Shared Clustering is a tool that allows an advanced or expert genetic genealogist to extract more information -- and more useful information -- from Ancestry DNA shared match lists. Rather than providing a single list of matches ordered only by the strength of the match, Shared Clustering divides that list into smaller clusters of matches that are likely related to each other. Knowing which matches are related to each other can often be a huge help in figuring out how those people are related to you, the test taker.

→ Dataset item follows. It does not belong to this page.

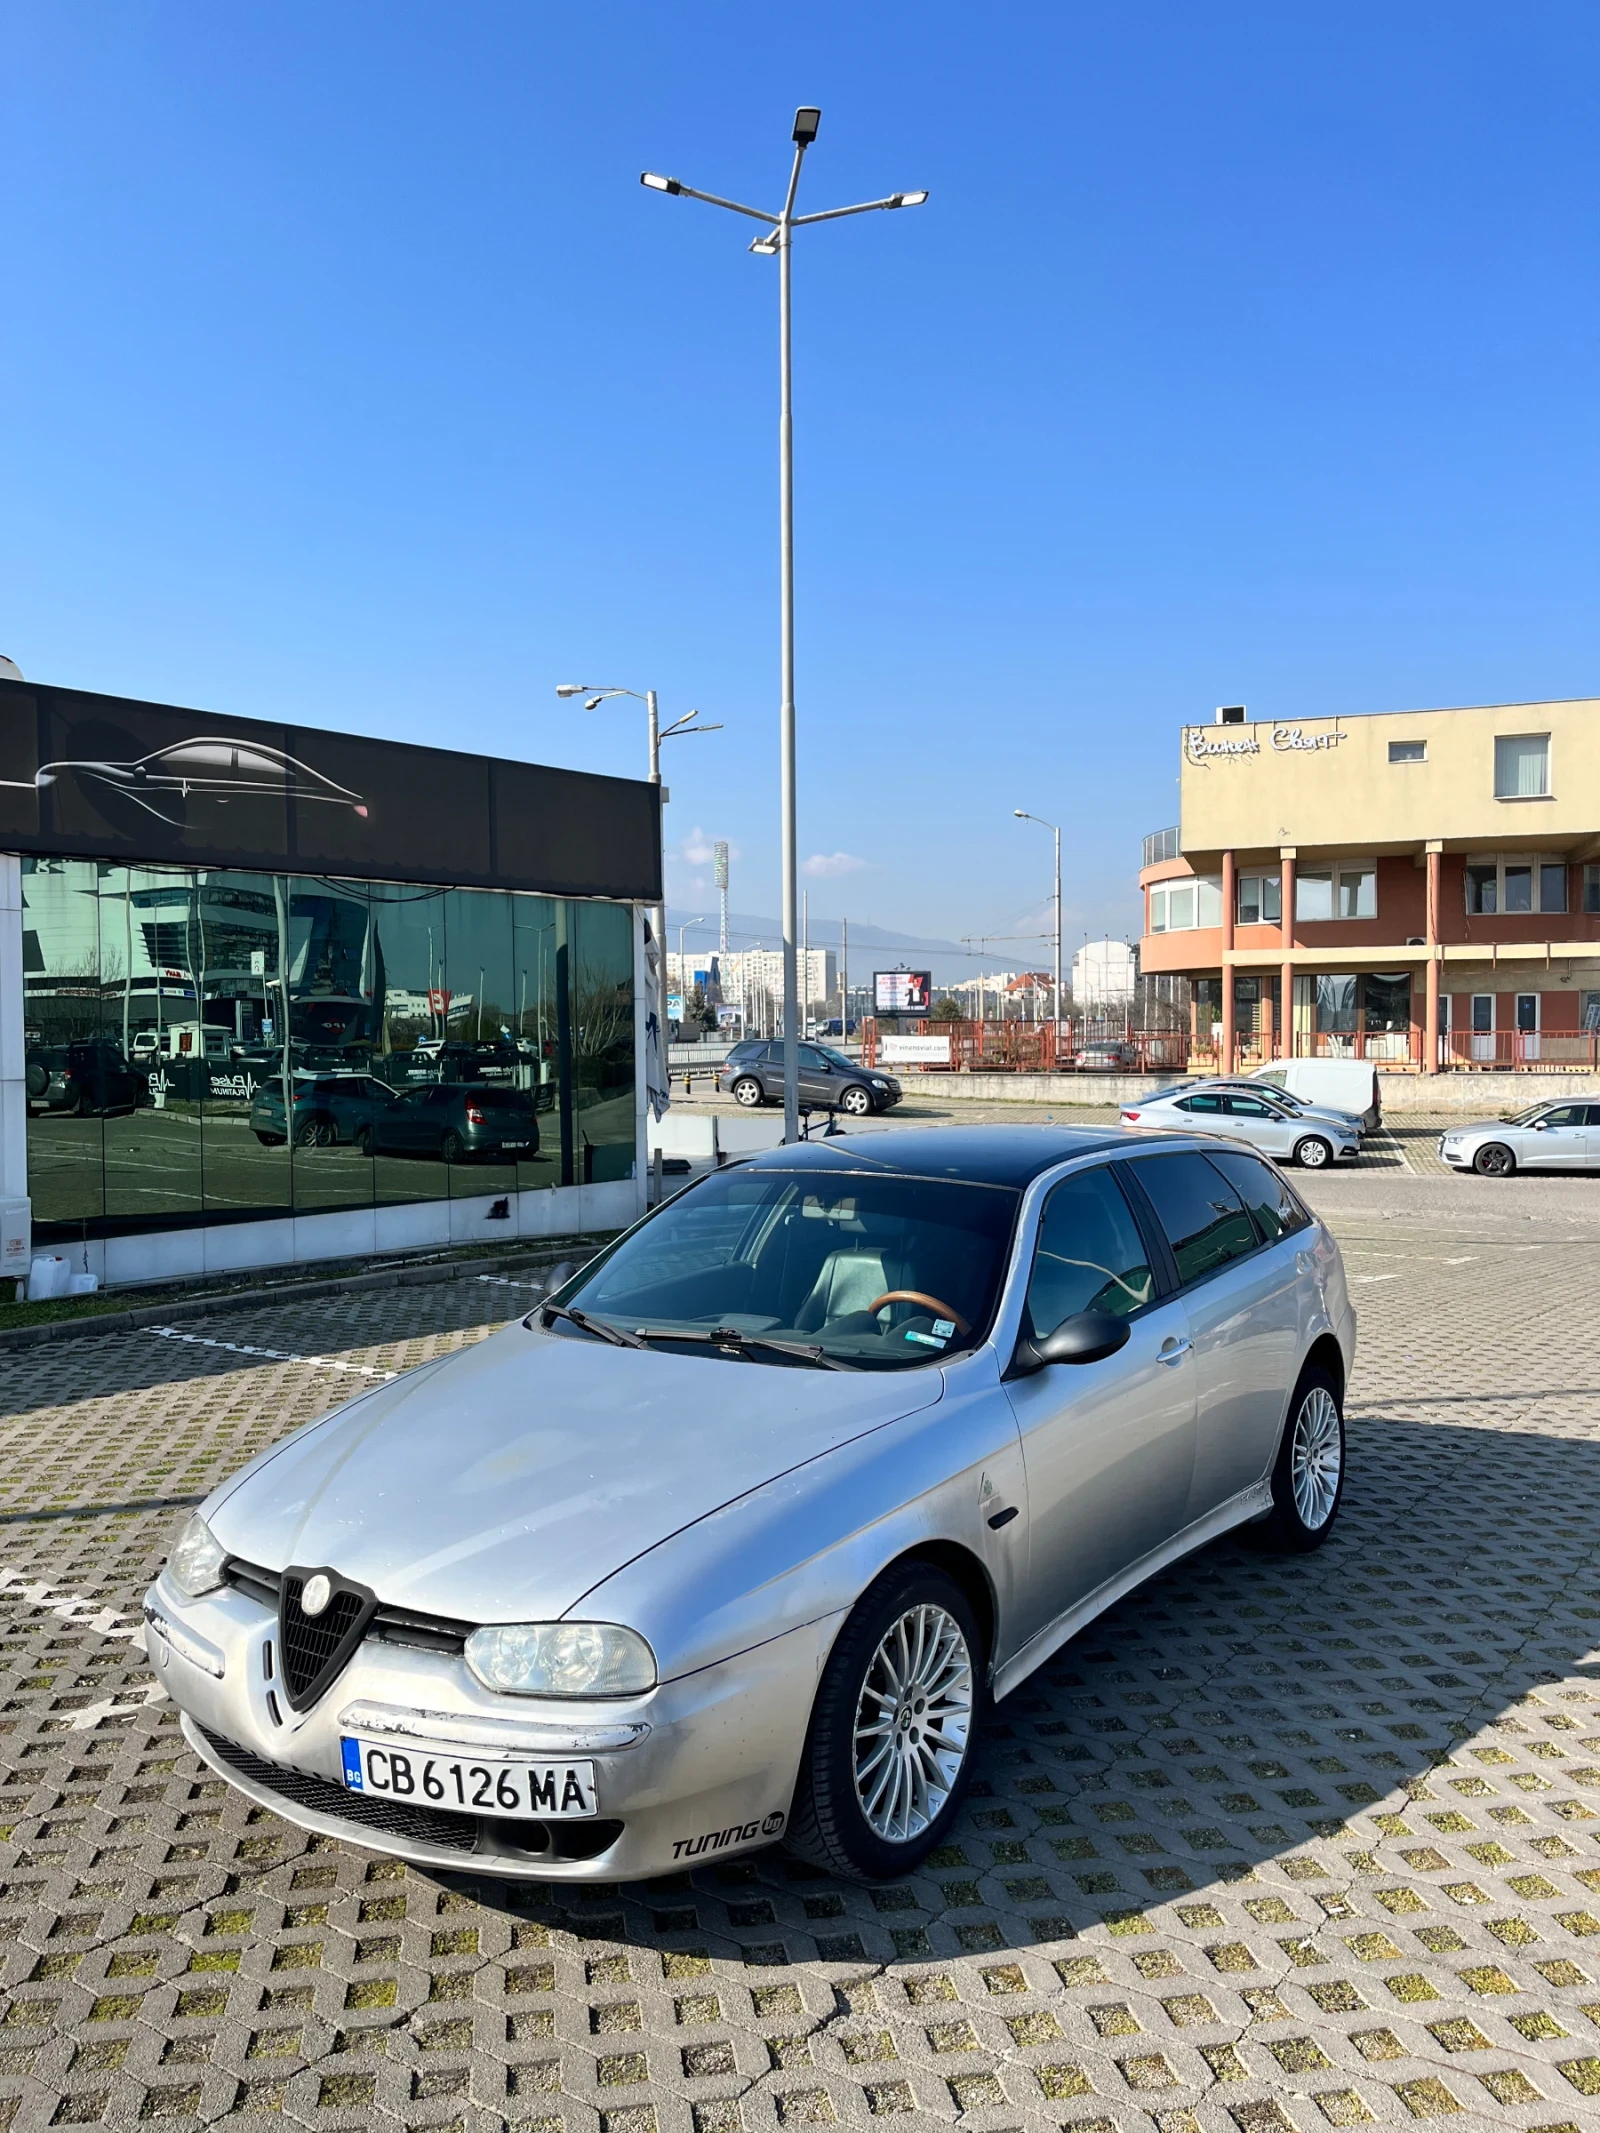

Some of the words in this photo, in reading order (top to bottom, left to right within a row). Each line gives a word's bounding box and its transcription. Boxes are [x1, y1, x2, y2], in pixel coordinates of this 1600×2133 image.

If the previous link doesn't work for you, click here to download the same thing in *.zip format. But try the main link first. It seems to work fine for most people.

See also an introductory video, about 15 minutes long.

What is a cluster?

Each cluster contains a group of people who are more similar to each other than to other matches. Similarity is determined by the shared match lists of each match. In a perfect cluster, every member of the cluster appears in the shared match lists of every other member. Not all clusters are perfect. Clusters reflect biology, and biology is not perfect. The idea behind clusters is similarity, not perfection.

In most cases, a cluster represents a group of people who have some DNA segment shared among them. That makes sense. Clusters are built from the shared match lists reported by Ancestry, and Ancestry builds those lists from the DNA data.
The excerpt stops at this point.